◆ Problem to work on ◆
After removing every image, reproduce the data exactly as it appears.
Exercise material Block Start
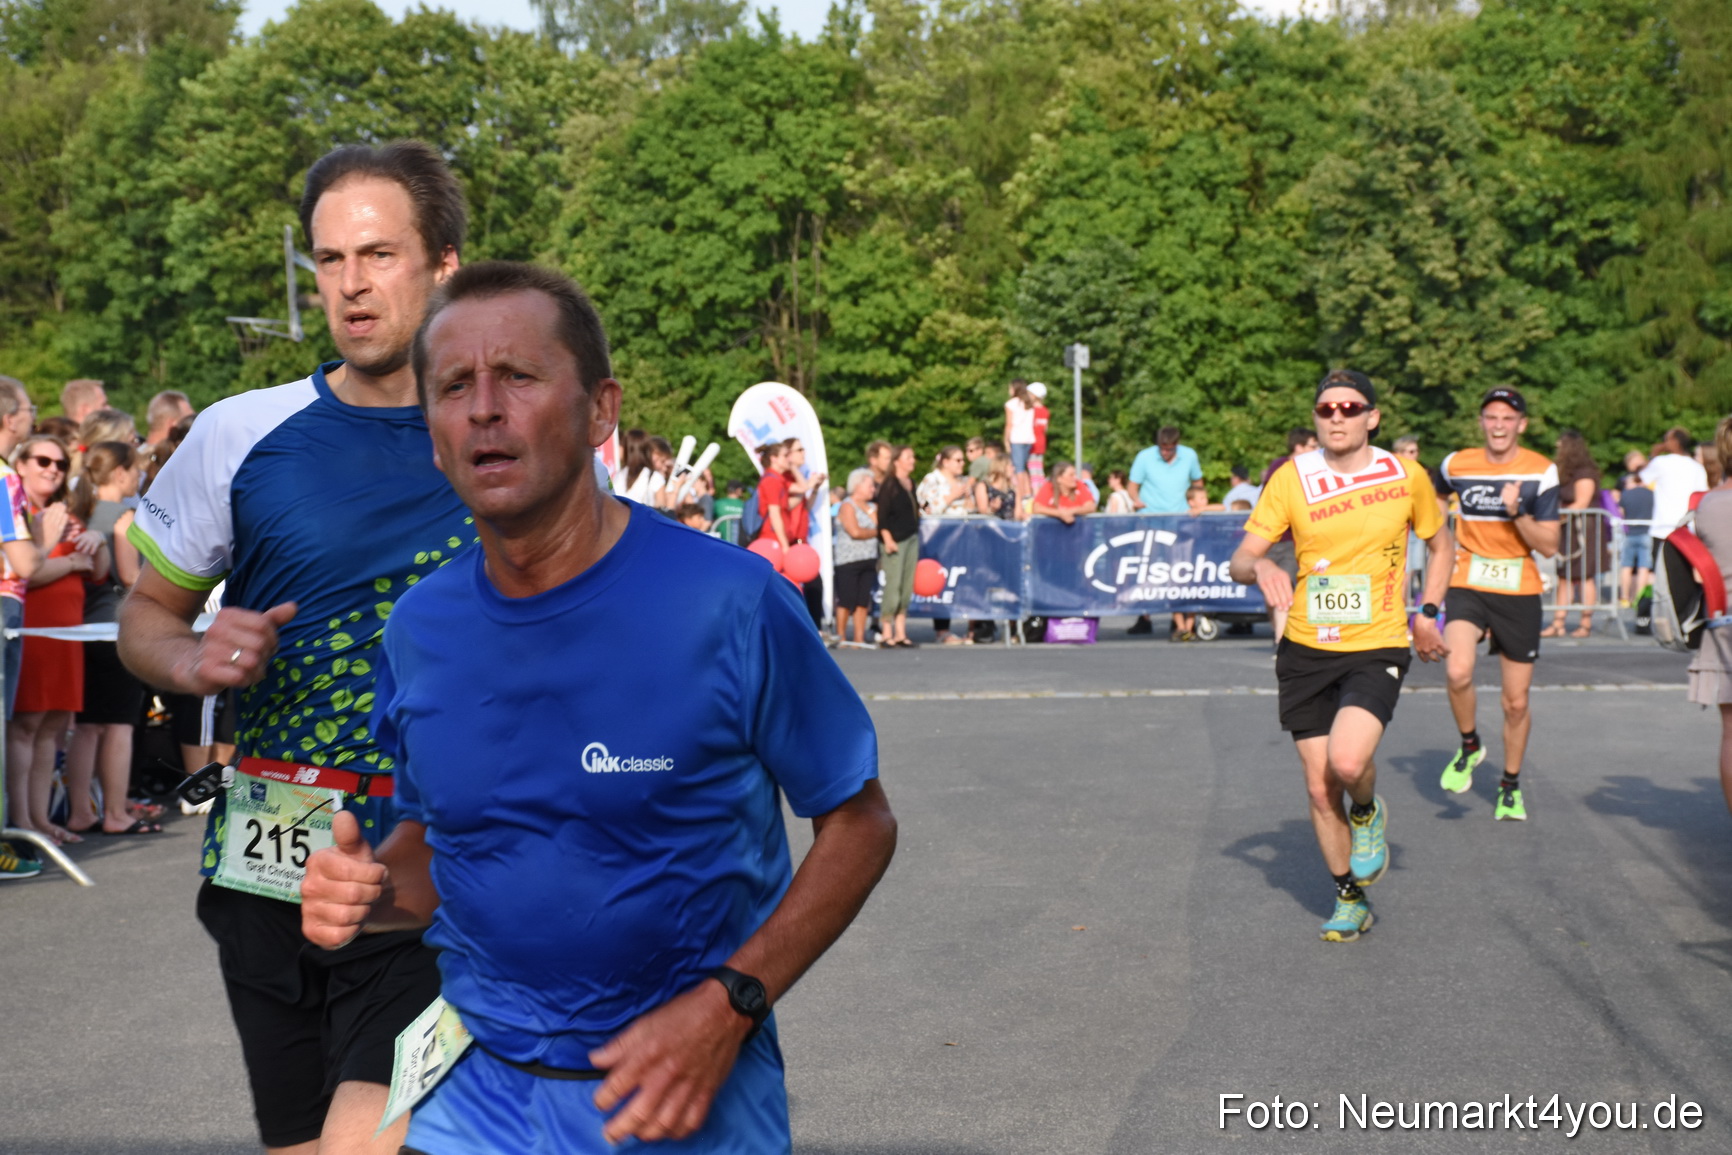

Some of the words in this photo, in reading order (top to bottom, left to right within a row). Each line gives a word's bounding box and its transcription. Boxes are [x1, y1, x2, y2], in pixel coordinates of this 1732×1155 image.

[1309, 499, 1355, 523] MAX
[1360, 485, 1410, 507] BÖGL
[1116, 553, 1232, 585] Fische
[1482, 563, 1508, 579] 751
[1130, 584, 1247, 601] AUTOMOBILE
[1315, 593, 1361, 610] 1603
[621, 755, 674, 772] classic
[244, 818, 311, 869] 215
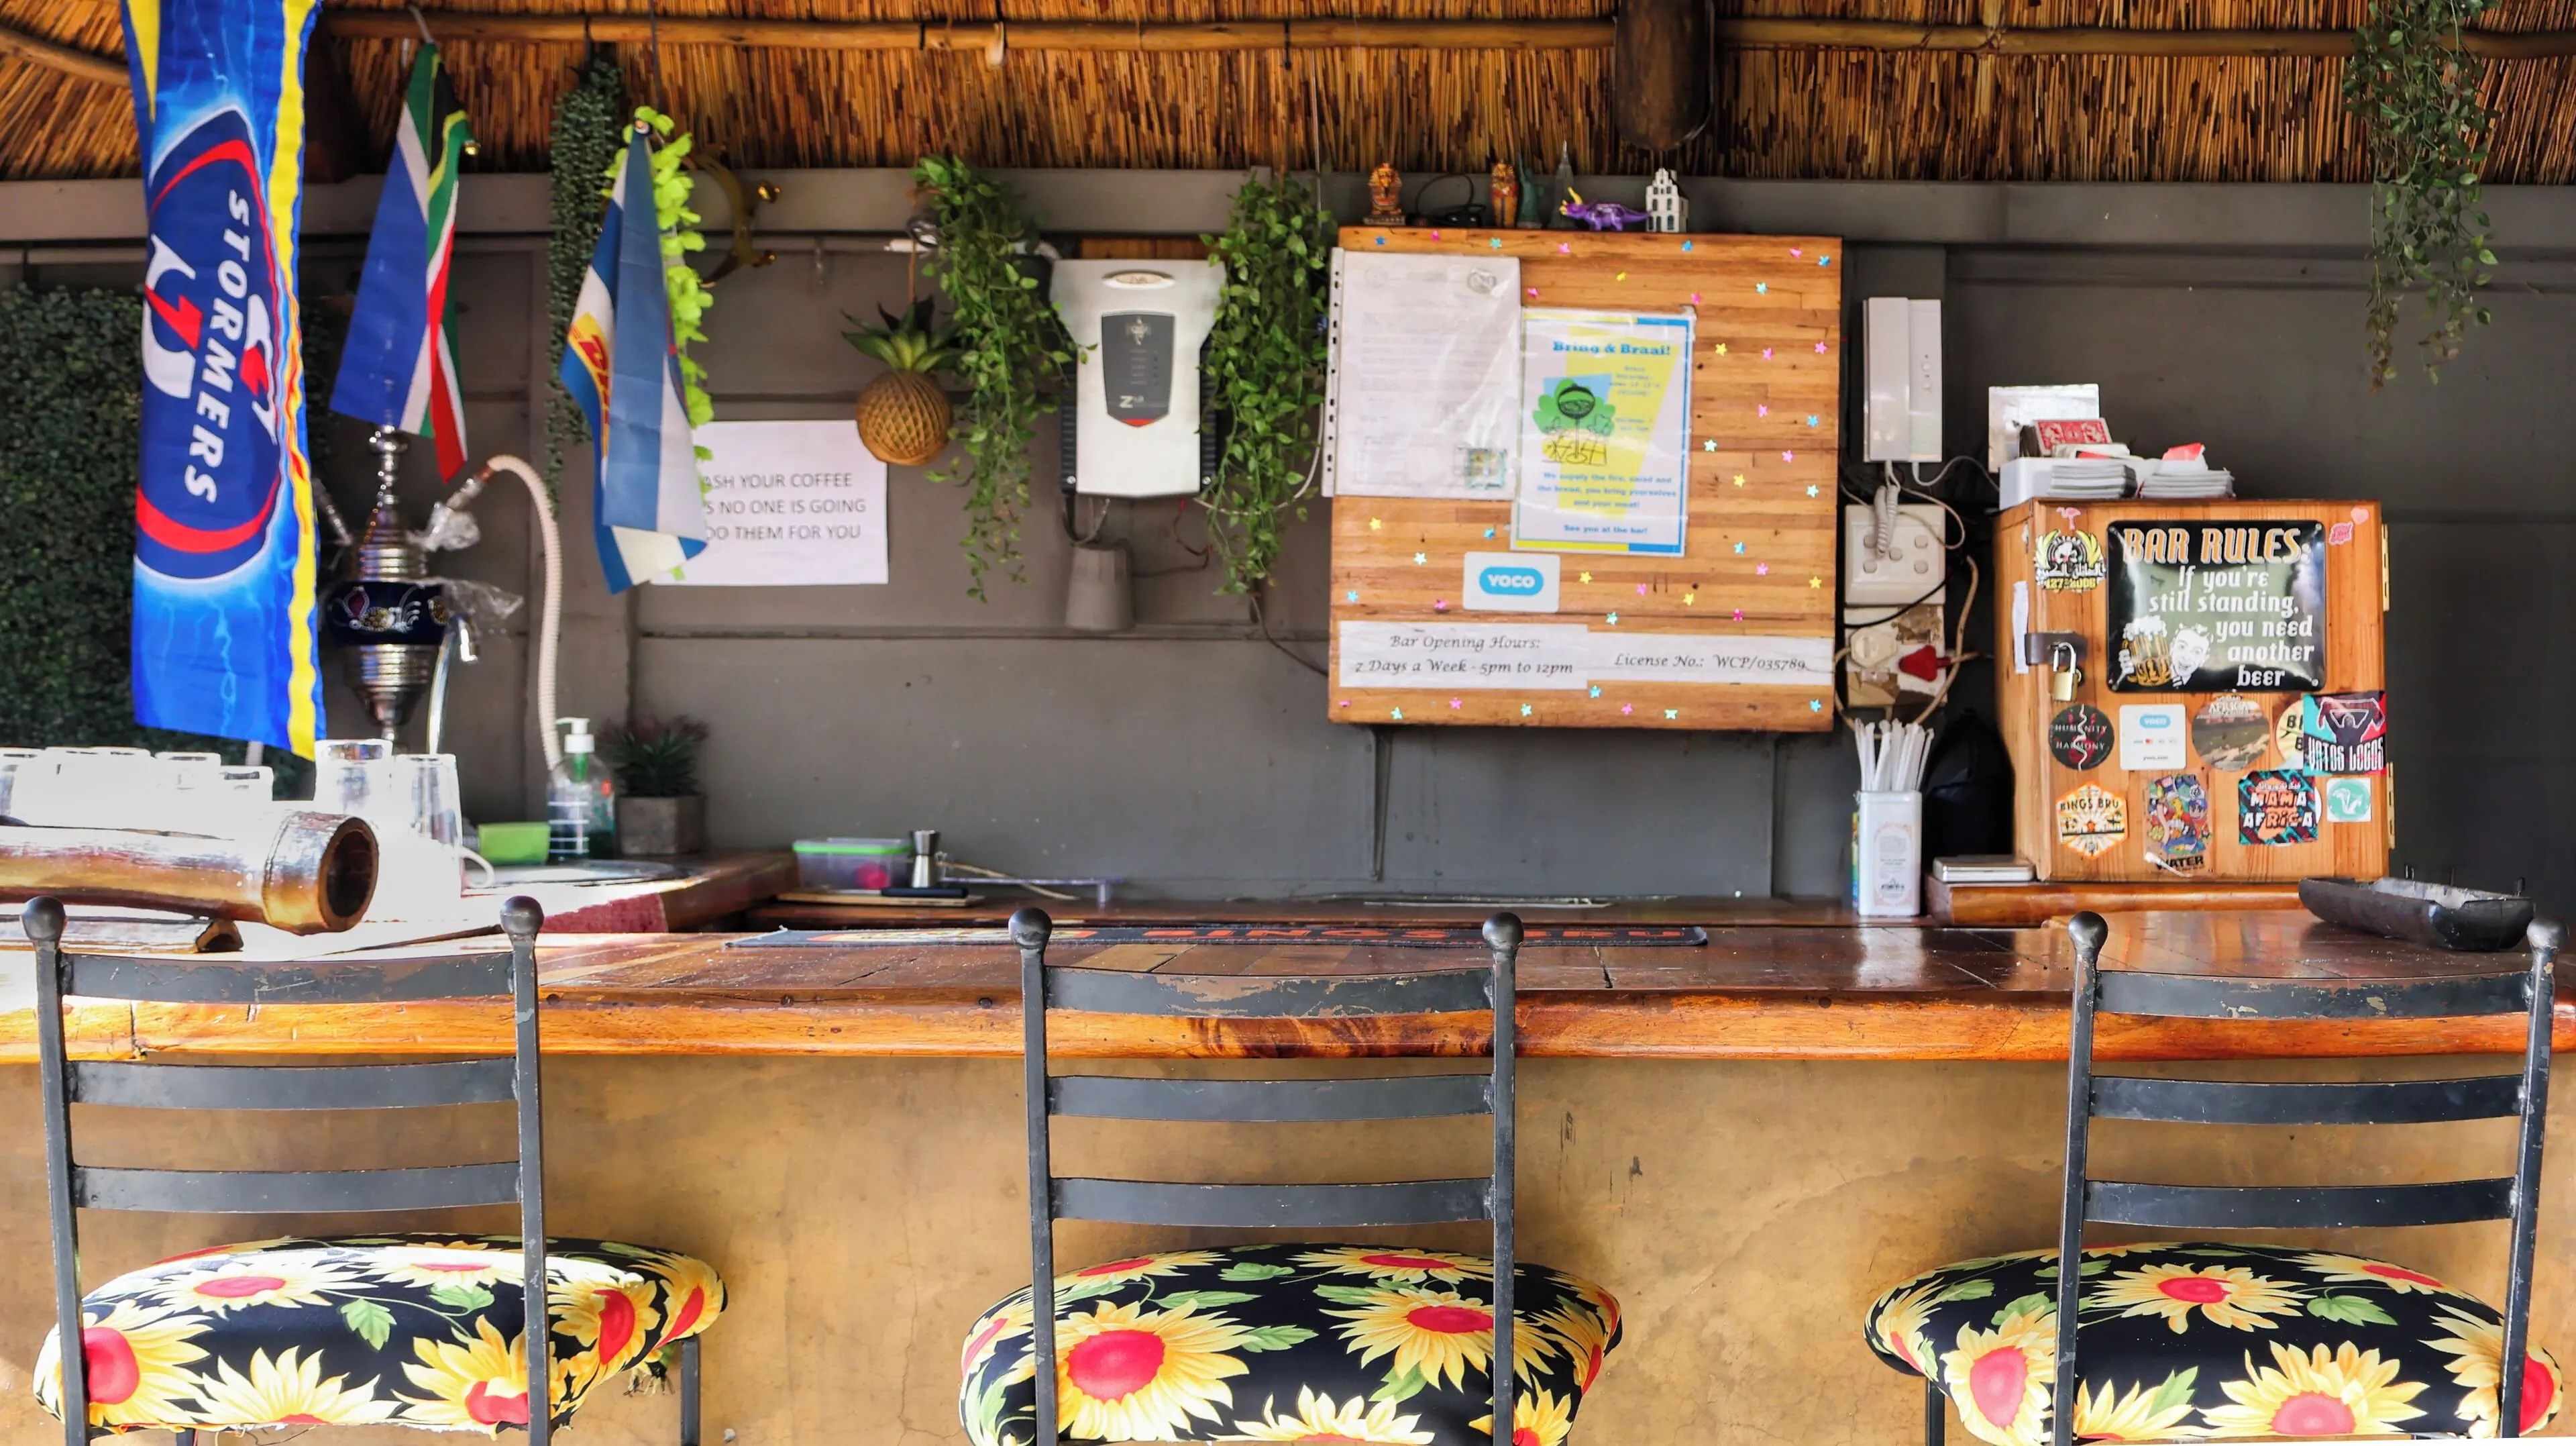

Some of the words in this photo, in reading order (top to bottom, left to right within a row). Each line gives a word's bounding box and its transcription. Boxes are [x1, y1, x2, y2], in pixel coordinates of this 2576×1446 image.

[185, 190, 251, 503] STORMERS
[1553, 340, 1599, 354] Bring
[1605, 343, 1615, 353] &
[1620, 343, 1670, 356] Braai!
[704, 474, 735, 488] ASH
[740, 473, 786, 488] YOUR
[790, 472, 853, 488] COFFEE
[720, 500, 745, 514] NO
[750, 499, 786, 514] ONE
[792, 499, 806, 514] IS
[810, 499, 866, 513] GOING
[706, 525, 729, 541] DO
[735, 525, 784, 540] THEM
[789, 525, 822, 539] FOR
[826, 525, 861, 539] YOU
[2123, 527, 2190, 564] BAR
[1487, 574, 1536, 588] YOCO
[2178, 565, 2196, 592] If
[2203, 565, 2269, 592] you're
[2149, 590, 2190, 612] still
[2198, 590, 2299, 618] standing,
[2216, 621, 2253, 642] you
[2262, 615, 2314, 637] need
[1390, 635, 1419, 648] Bar
[1423, 635, 1485, 652] Opening
[1489, 635, 1541, 649] Hours:
[2227, 639, 2314, 662] another
[1368, 659, 1407, 675] Days
[1412, 662, 1421, 672] a
[1426, 658, 1467, 672] Week
[1480, 662, 1511, 677] 5pm
[1517, 661, 1532, 673] to
[1536, 663, 1574, 678] 12pm
[1614, 653, 1668, 667] License
[1712, 654, 1806, 671] WCP/035789
[2237, 664, 2286, 686] beer
[2055, 725, 2107, 733] HUMNITY
[2308, 736, 2345, 771] VATOS
[2250, 791, 2307, 807] MAMA
Exercise material Block End
◆ Solution for this problem ◆
Some of the words in this photo, in reading order (top to bottom, left to right within a row). Each line gives a word's bounding box and its transcription. Boxes are [x1, y1, x2, y2], in pixel coordinates of this 1732×1155 image.

[1309, 499, 1355, 523] MAX
[1360, 485, 1410, 507] BÖGL
[1116, 553, 1232, 585] Fische
[1482, 563, 1508, 579] 751
[1130, 584, 1247, 601] AUTOMOBILE
[1315, 593, 1361, 610] 1603
[621, 755, 674, 772] classic
[244, 818, 311, 869] 215

Some of the words in this photo, in reading order (top to bottom, left to right within a row). Each line gives a word's bounding box and its transcription. Boxes are [x1, y1, x2, y2], in pixel coordinates of this 2576×1446 image.

[185, 190, 251, 503] STORMERS
[1553, 340, 1599, 354] Bring
[1605, 343, 1615, 353] &
[1620, 343, 1670, 356] Braai!
[704, 474, 735, 488] ASH
[740, 473, 786, 488] YOUR
[790, 472, 853, 488] COFFEE
[720, 500, 745, 514] NO
[750, 499, 786, 514] ONE
[792, 499, 806, 514] IS
[810, 499, 866, 513] GOING
[706, 525, 729, 541] DO
[735, 525, 784, 540] THEM
[789, 525, 822, 539] FOR
[826, 525, 861, 539] YOU
[2123, 527, 2190, 564] BAR
[1487, 574, 1536, 588] YOCO
[2178, 565, 2196, 592] If
[2203, 565, 2269, 592] you're
[2149, 590, 2190, 612] still
[2198, 590, 2299, 618] standing,
[2216, 621, 2253, 642] you
[2262, 615, 2314, 637] need
[1390, 635, 1419, 648] Bar
[1423, 635, 1485, 652] Opening
[1489, 635, 1541, 649] Hours:
[2227, 639, 2314, 662] another
[1368, 659, 1407, 675] Days
[1412, 662, 1421, 672] a
[1426, 658, 1467, 672] Week
[1480, 662, 1511, 677] 5pm
[1517, 661, 1532, 673] to
[1536, 663, 1574, 678] 12pm
[1614, 653, 1668, 667] License
[1712, 654, 1806, 671] WCP/035789
[2237, 664, 2286, 686] beer
[2055, 725, 2107, 733] HUMNITY
[2308, 736, 2345, 771] VATOS
[2250, 791, 2307, 807] MAMA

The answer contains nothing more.